The first interesting observation was at my husband's family night where there was a bonfire and then some fireworks. I felt my child part come out at this time which was difficult because obviously if a woman in her late twenties starts talking like a five year old, you would think: 'Crazy!' Normally my child alter only comes out when on my own or alone with my husband as I know we can trust him. I have to struggle to control it when I have my nieces and nephews staying with me for a while. Usually I will alternate between a few alters at this time but occasionally the child part will 'pop out'. I think my nieces and nephews find this more amusing than anything. They probably assume I'm just messing about.

When watching the fireworks it was not so easily explained away and I remember my husband cautioning me that I was talking like a child in front of people. I withdrew from the group then, feeling it better to stand on my own so as not to embarrass myself. I found while the fireworks were going off, I became emotional; scared and excited. Some of the louder ones made me feel I was going to burst into tears. My motherly, caring part came out to help the child part and I could hear her reassuring and comforting Little C. This helped.

I find it fascinating to be aware of these processes happening. In the past I was not aware of these things; just the physical reactions in my body and an awareness of strong emotions. It's only been in recent months that I have started to develop this awareness. It is probably due to the work I have been doing in my clinical psychology therapy to identify my parts and also the projects I have been doing at home.

The first time I ever realised that hearing voices constantly chattering in my head was not normal was a couple of years ago in a session where I had mentioned something about these voices and the psychologist asked me more about it. I had said that everyone has these voices though don't they and he looked at me for a while and then told me that, no, not everybody does. That was a shock. You only get to experience life from your own mind, so if something is with you for as long as you can ever remember, you wouldn't necessarily realise that this isn't the norm.

After I had realised that the voices weren't normal, I started to try to listen to them more. This proved to be an extremely disturbing exercise for me and having written a script of what was being said, I found myself more incapacitated by dissociation than ever in my life before. I was so depressed and unable to function that I had to stop work and could barely get myself dressed in the day.

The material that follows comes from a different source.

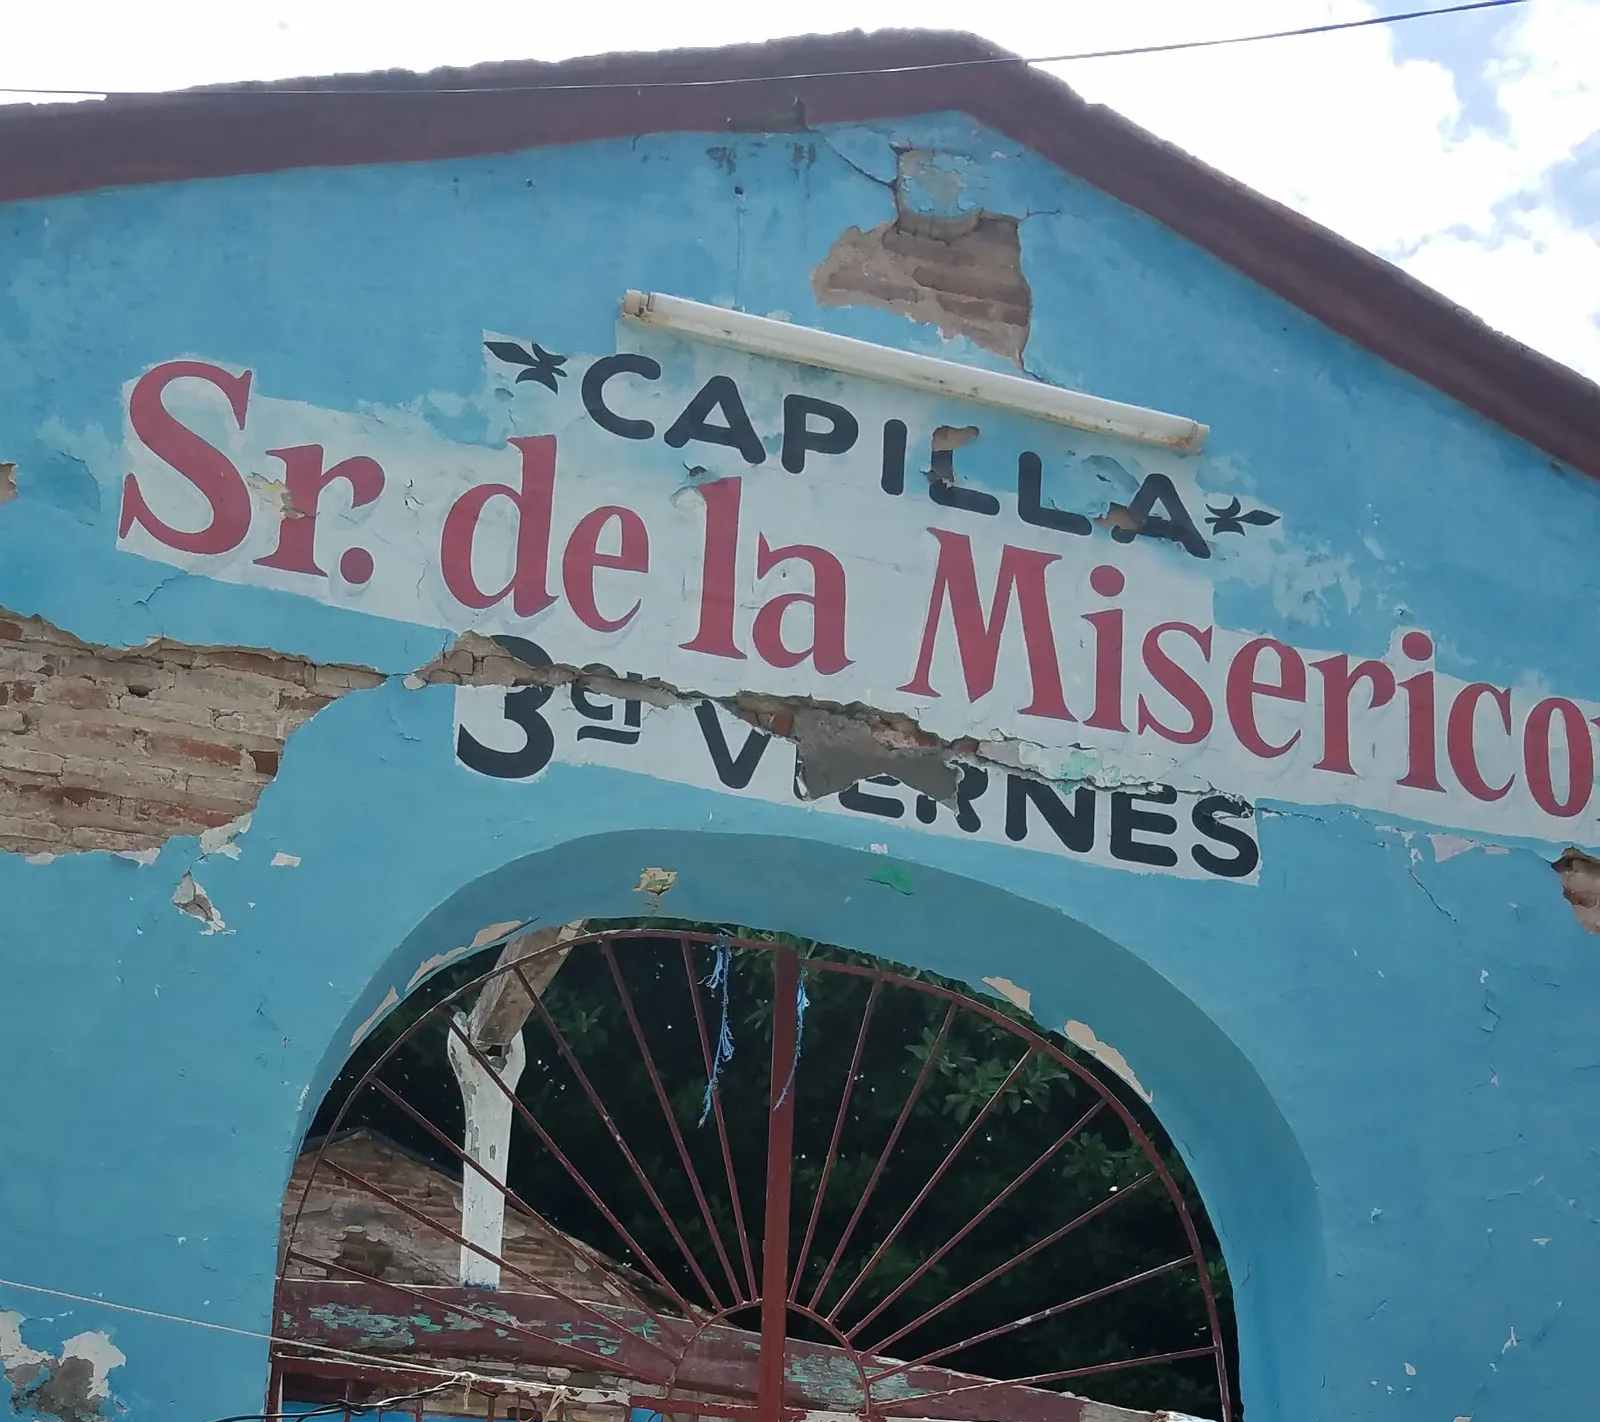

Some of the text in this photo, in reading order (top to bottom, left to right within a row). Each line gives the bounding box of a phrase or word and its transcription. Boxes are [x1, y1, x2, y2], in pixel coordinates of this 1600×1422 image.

[580, 353, 1211, 560] CAPILLA
[118, 360, 1600, 822] Sr. de la Miserico
[694, 699, 1260, 878] VERNES

I didn't do any more work on listening to the voices for a long time. I moved to a new psychologist who spent a long time helping me to gain stability in my life (this is an ongoing process and often needs to be revisited if something happens to destabilise me again) and it has only been in recent months that I began to be able to tolerate thinking about parts much again.

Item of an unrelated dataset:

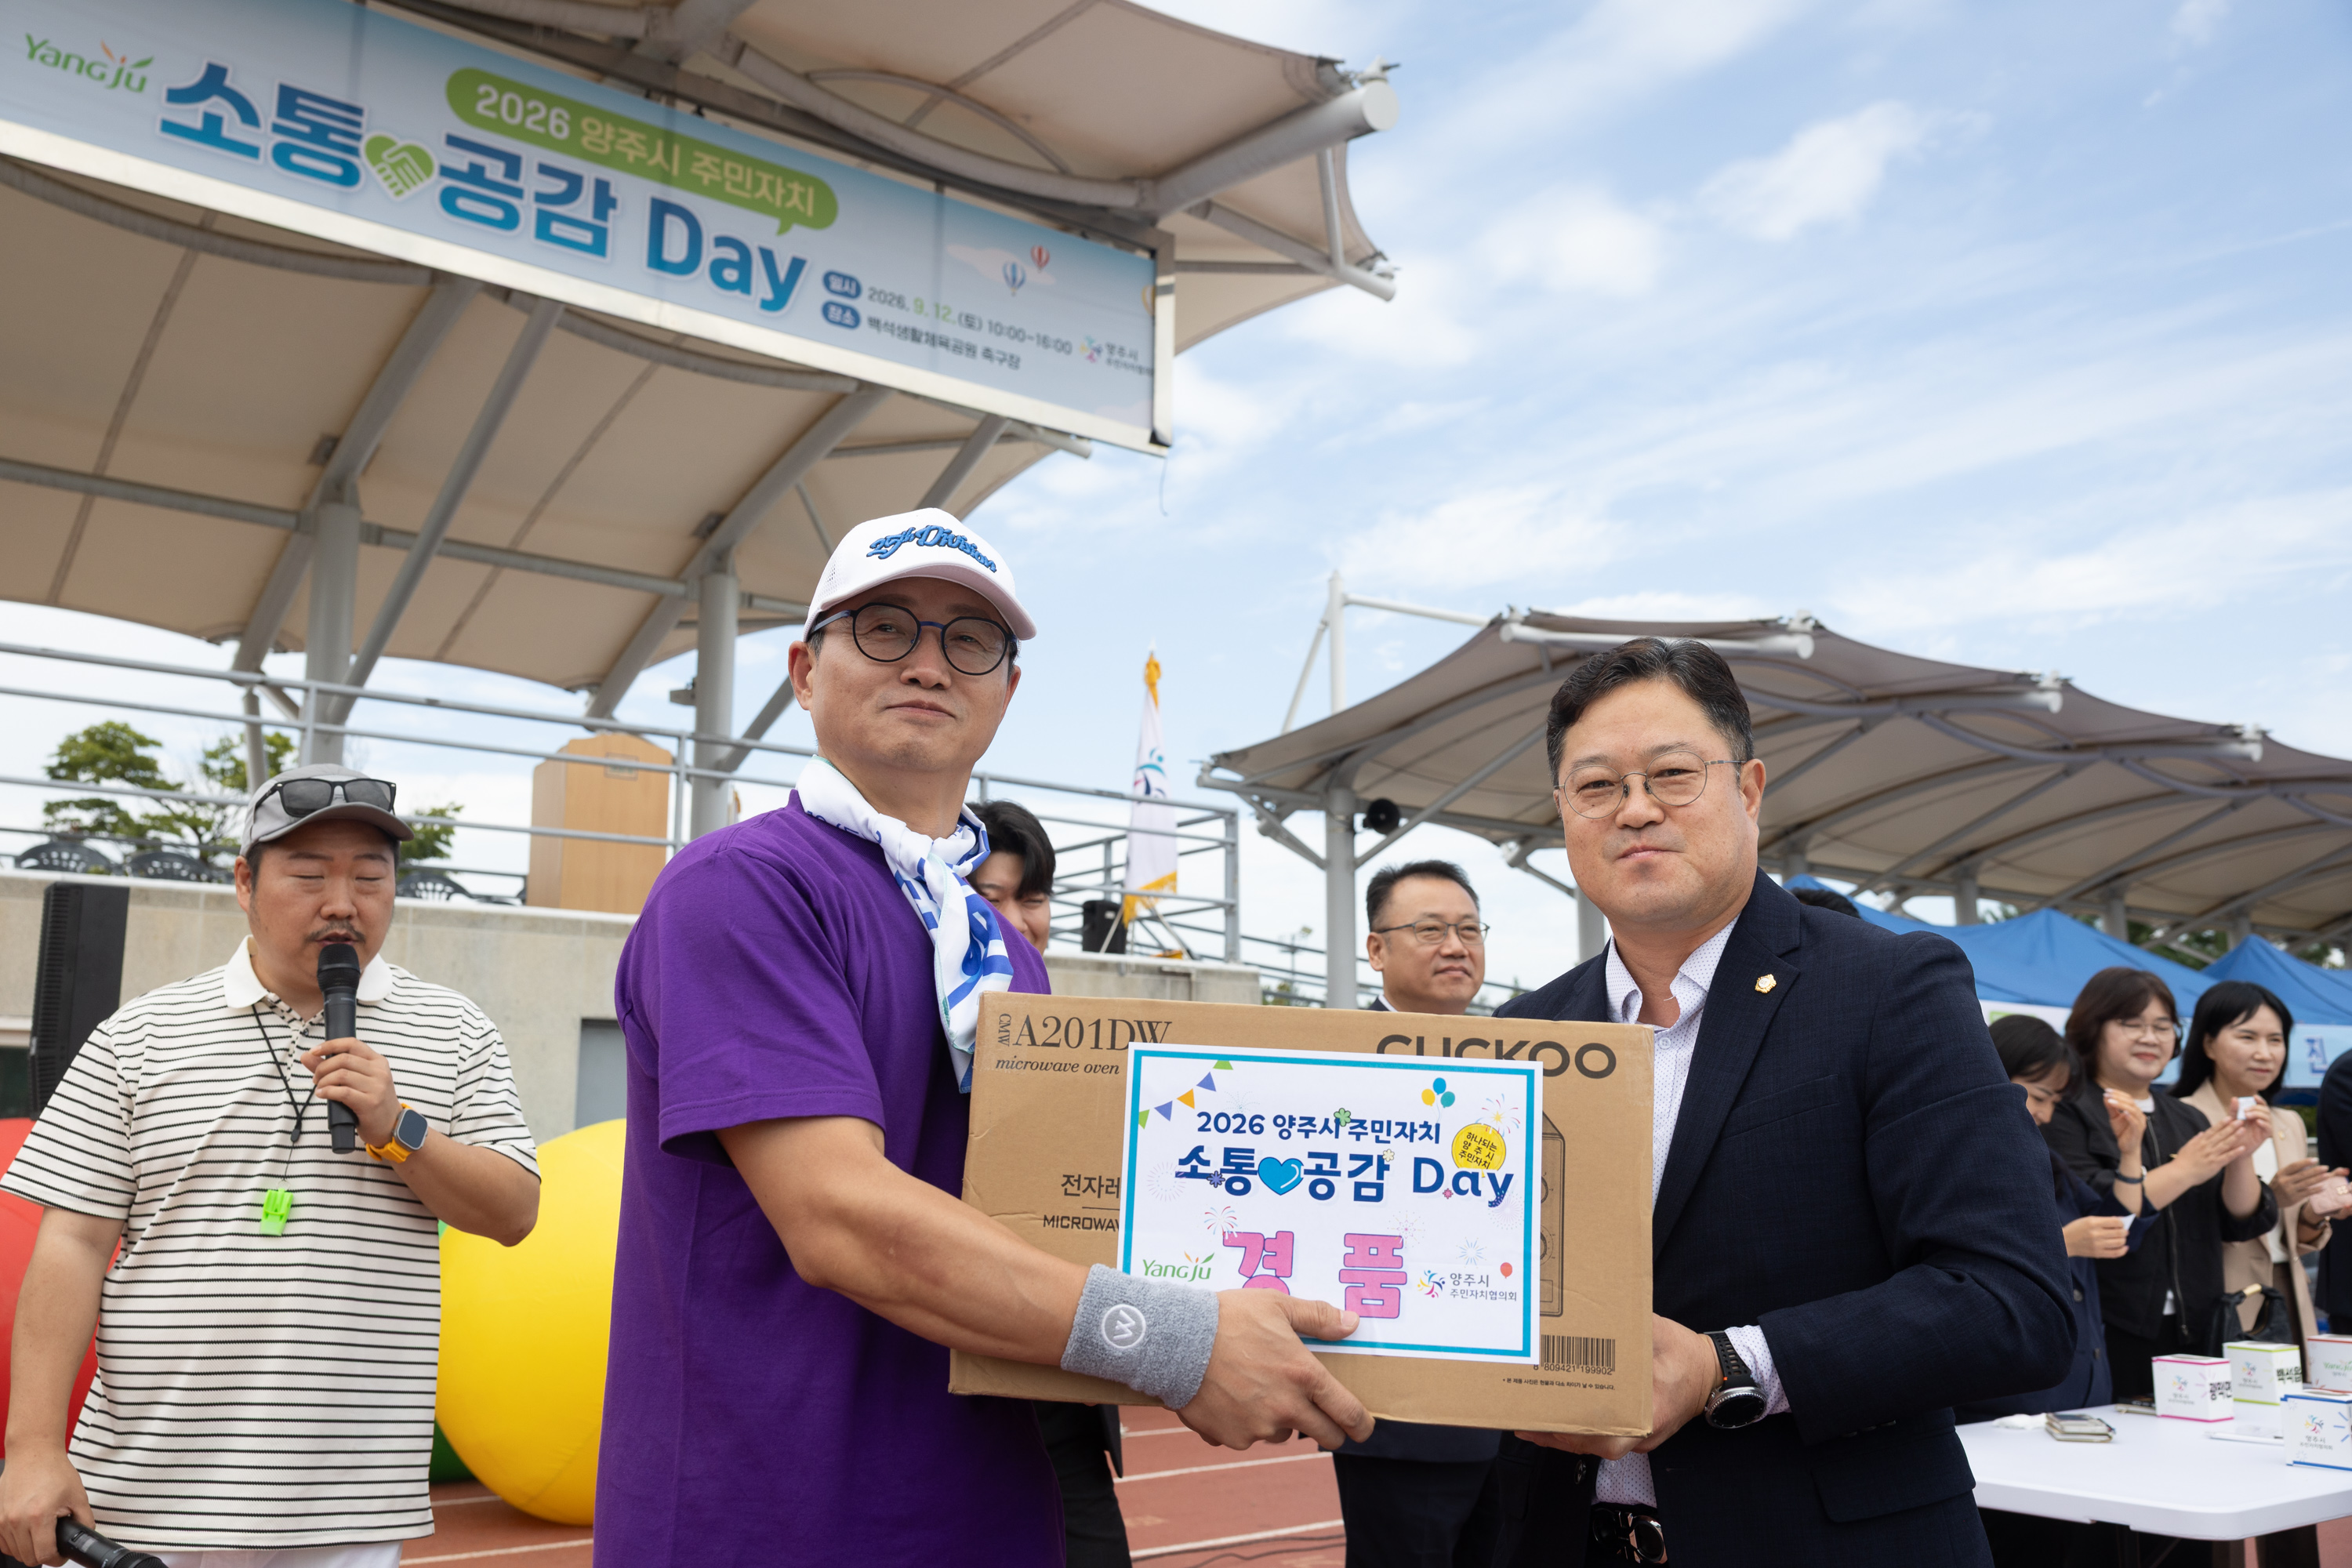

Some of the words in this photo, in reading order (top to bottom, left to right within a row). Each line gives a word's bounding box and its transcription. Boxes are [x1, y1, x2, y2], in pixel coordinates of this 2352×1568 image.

Anyway, the second fireworks observation was watching the local neighbours' fireworks displays from our bedroom window at the weekend. It was all fine until my husband decided to open the window and the piercing shreaks of the rockets sent Little C into a state of anxiety where she started clinging to my husband and saying she didn't like those noises. He promptly closed the window and reassured her.

On Sunday, we again sat in our bedroom and watched the spectatular fireworks display in the city (our house is on a hill and has a good view). It was far enough away that the sound wasn't a problem and the display was wonderful. Little C greatly enjoyed this and I felt all my parts were quite content watching the display at that time. As we were watching my husband reflected on a time we had been at the bus station and the same city fireworks display started and we'd had a great view of it from where we were waiting. I tried to remember this event but I can't. I don't remember that ever happening. I wondered if maybe I wasnt present then and a more separate part had watched it and holds the memory. I wondered if I will soon forget watching the fireworks from our bedroom and I wondered what other nice memories will not be in my head in the future.